**DATA FOR PROCESSING:**
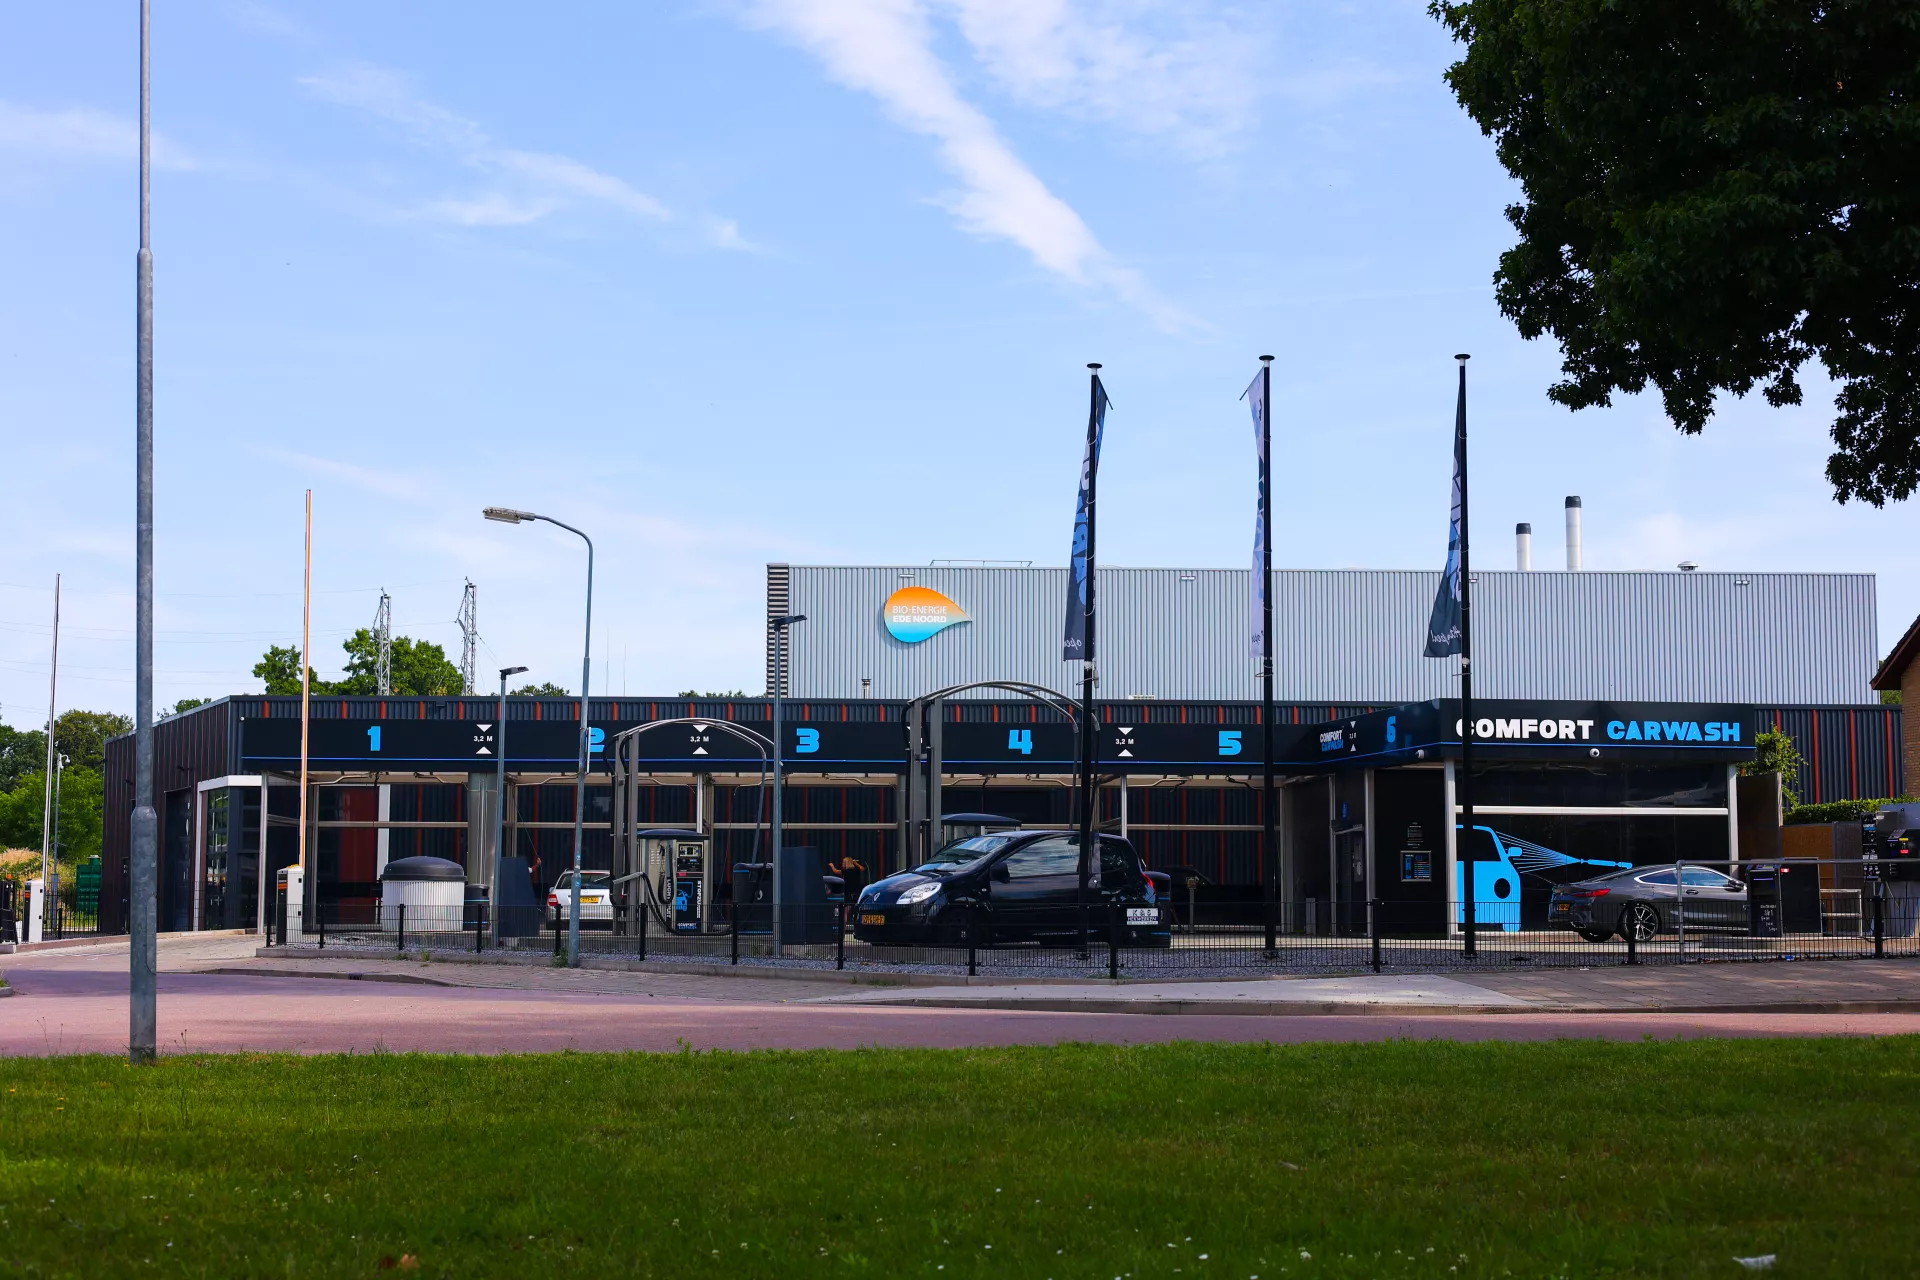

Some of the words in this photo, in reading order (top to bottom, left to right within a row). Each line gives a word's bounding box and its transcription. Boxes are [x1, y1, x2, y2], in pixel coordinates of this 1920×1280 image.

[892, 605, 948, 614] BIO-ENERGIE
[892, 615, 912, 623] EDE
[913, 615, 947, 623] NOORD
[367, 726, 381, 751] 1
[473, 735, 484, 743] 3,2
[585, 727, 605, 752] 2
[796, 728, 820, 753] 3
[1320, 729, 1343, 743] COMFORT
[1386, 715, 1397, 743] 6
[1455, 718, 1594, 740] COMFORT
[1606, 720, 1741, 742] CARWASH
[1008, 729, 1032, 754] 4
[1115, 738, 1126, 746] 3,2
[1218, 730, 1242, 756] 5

**EXERCISE DESCRIPTION:** Would you retype each line above exactly and skip every image?

**WRITTEN ANSWER:**
Some of the words in this photo, in reading order (top to bottom, left to right within a row). Each line gives a word's bounding box and its transcription. Boxes are [x1, y1, x2, y2], in pixel coordinates of this 1920×1280 image.

[892, 605, 948, 614] BIO-ENERGIE
[892, 615, 912, 623] EDE
[913, 615, 947, 623] NOORD
[367, 726, 381, 751] 1
[473, 735, 484, 743] 3,2
[585, 727, 605, 752] 2
[796, 728, 820, 753] 3
[1320, 729, 1343, 743] COMFORT
[1386, 715, 1397, 743] 6
[1455, 718, 1594, 740] COMFORT
[1606, 720, 1741, 742] CARWASH
[1008, 729, 1032, 754] 4
[1115, 738, 1126, 746] 3,2
[1218, 730, 1242, 756] 5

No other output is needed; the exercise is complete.